El destino en lo universal me abotargó de Isabel y Fernando, de imperios donde no se ponía el sol, de monarcas tarados, de santas cruzadas y laureadas, y de la estúpida cutrez con pura esencia de cuartel, de flechas y pelayos.
Cuando abrí los ojos, descubrí una Nabarra, el estado de Euskalerria, desmembrada, invadida, engañada, postergada, usurpada. Hablaban sus mandatarios, colaboracionistas empedernidos, de su grandeza, de su egregio papel en la historia de España, en la lucha contra el comunismo y contra el ateísmo. Y abrí los ojos y me sentí humillado porque veía que gran parte de mi pueblo odiaba su historia, su lengua, y asistía impasible a la destrucción de su patrimonio.
Todo esto puede parecer grandilocuencia, y sin embargo, nos guste o no, es la trágica verdad.
¿Qué nos queda? Este pueblo se emociona cuando oye a San Fermín -¿Habrá existido?- llorar, o se desmelena por todos los txokos de Nabarra por su Osasuna -¿sangre nabarra o talonarios? – o va a gritar contra E.T.A o contra la guerra, cuando así lo disponen los políticos. Y calla, o como mucho susurra, cuando nos descapitalizan la asistencia social, la educación, cuando sepultan un enclave pirenaico o rompen nuestro patrimonio artístico. Y más; y mucho más.

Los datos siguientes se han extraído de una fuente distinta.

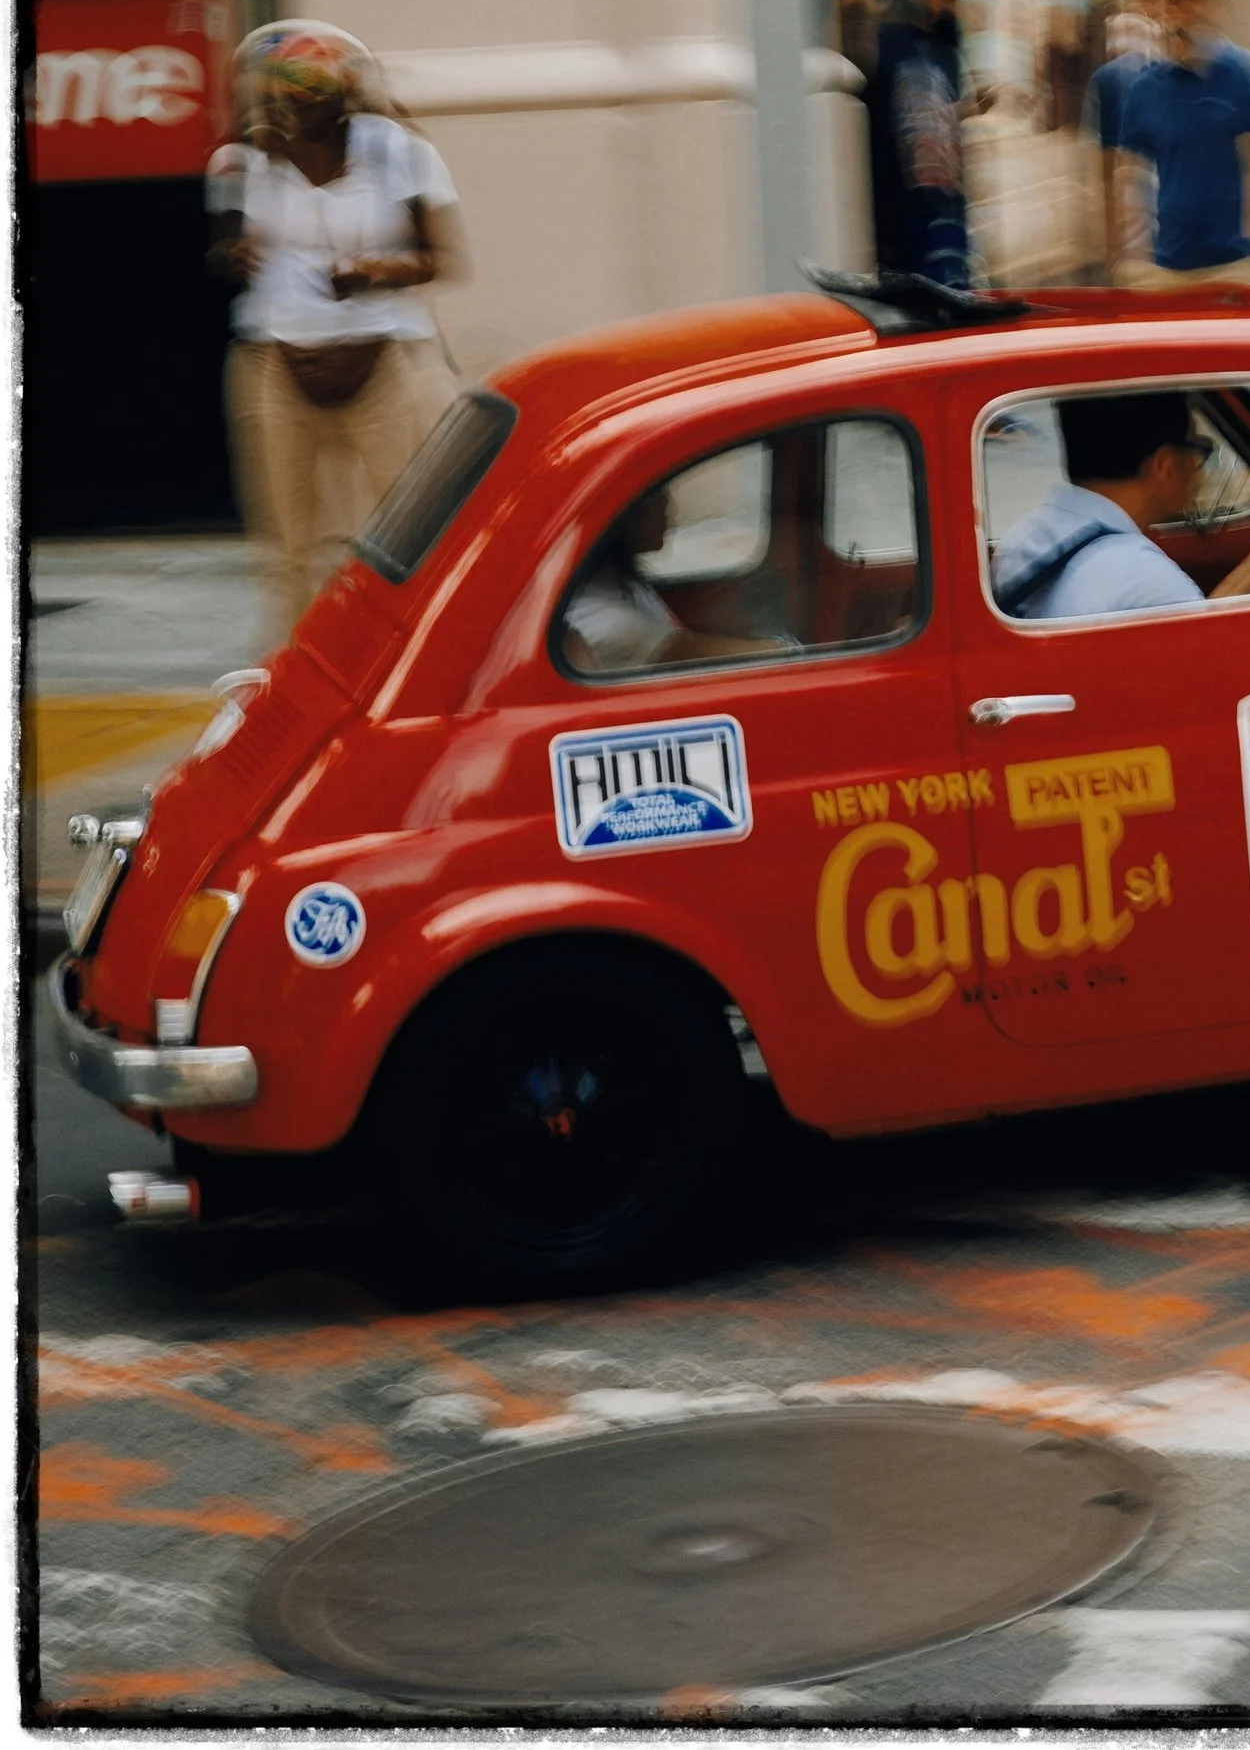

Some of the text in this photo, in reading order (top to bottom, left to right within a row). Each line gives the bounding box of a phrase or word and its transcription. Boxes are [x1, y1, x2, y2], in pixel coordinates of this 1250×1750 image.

[629, 792, 676, 810] TOTAL
[812, 768, 995, 828] NEW YORK
[1028, 761, 1154, 805] PATENT

¿Viejo reino? ¿Por qué no un estado libre y solidario, donde seamos los propios nabarros los dueños y gestores de nuestro destino y de nuestros recursos? ¿Hay alguna razón o algún inconfesable miedo para reclamar nuestra soberanía? ¿Somos lo que queremos como pueblo o lo que los políticos nos dicen que debemos ser? ¿Qué o quien y por qué se opone a nuestra libre decisión?

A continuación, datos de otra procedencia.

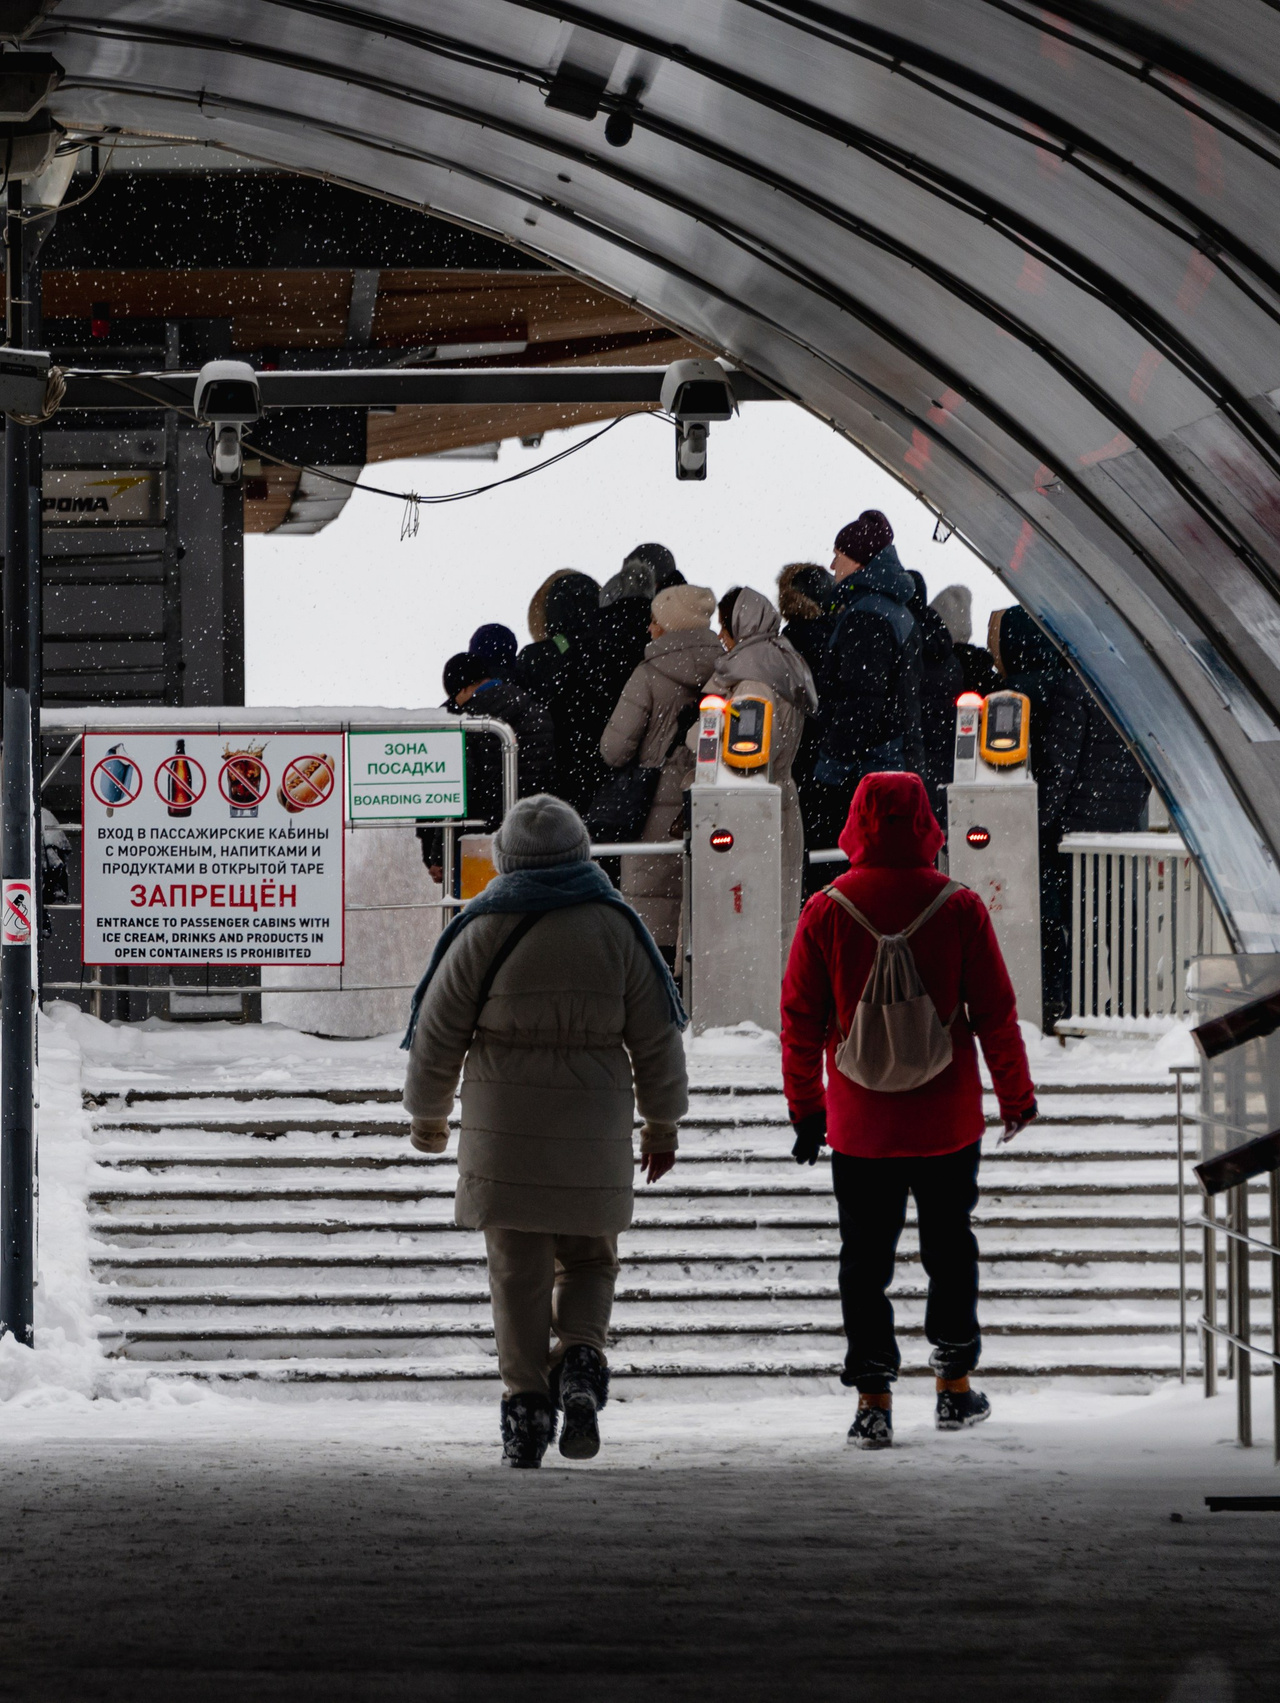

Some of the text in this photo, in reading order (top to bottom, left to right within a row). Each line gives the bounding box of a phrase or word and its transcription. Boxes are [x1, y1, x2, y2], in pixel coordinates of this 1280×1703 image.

Son preguntas que se evitan en las altas instancias mediáticas, eclesiásticas, políticas y financieras. Son demandas y exigencias de muchos ciudadanos nabarros, que “democráticamente” se banalizan, o se rechazan, cuando no se criminalizan.
Nabarra ha soportado generaciones de políticos con patente de corso, que venden, reparten y organizan “el viejo reino” a su antojo. ¡Como se les pone! Esto significa que mientras los destinos del pueblo nabarro esté en sus manos, seguirán disfrazando chanchullos, inventando comisiones, engrosando sus arcas, vomitando sandeces contra nuestra historia y contra nuestra cultura. Porque al final -¡Ay, qué poco creo en ellos!- casi todos se entienden y se escabullen de sus pecados e irresponsabilidades con palmaditas cómplices.

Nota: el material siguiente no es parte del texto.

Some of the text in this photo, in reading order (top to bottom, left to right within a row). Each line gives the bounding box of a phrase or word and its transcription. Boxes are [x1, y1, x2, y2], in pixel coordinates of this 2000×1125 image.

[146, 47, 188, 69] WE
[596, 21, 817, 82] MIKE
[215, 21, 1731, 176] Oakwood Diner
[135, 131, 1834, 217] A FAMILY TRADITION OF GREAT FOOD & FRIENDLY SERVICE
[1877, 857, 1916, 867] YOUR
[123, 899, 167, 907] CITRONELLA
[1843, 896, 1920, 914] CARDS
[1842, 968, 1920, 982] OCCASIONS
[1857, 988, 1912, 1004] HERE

Unos porque siguen entroncados en los mas rancios valores del nacionalcatolicismo franquista; otros dándoselas de progres o sociatas, pero actuando con métodos y maneras absolutamente neoliberales, idénticos a los de la derechona; otros más pendientes de fortalecer los aparatos de sus partidos que de jugarse el tipo con un compromiso y una denuncia descarada y sin ambages. ¿Exagero? Puede. Pero uno abriga la sospecha de que personas, posiblemente íntegras, cruzan el umbral de los parlamentos y trastocan su personalidad. Y cambian sus discursos, sus parámetros éticos y esa gran vocación de servicio al pueblo.
Es la sensación que estamos mascando y maldigeriendo muchos nabarros. Es por eso, porque rechazo las ideas y las soflamas que nos escupen desde sus púlpitos y desde sus periódicos tan bien mimados; y porque abomino de sus prácticas culturales, folklóricas, urbanistas, medioambientales; y porque amo la historia que ellos odian, por lo que me siento un “mal navarro oficial”. Y me temo que, al no participar mi sentimiento nabarro del oficial, seré un español fatal. O mejor, deberían privarme de tal categoría. No les guardaré por ello ningún rencor. Lo prometo.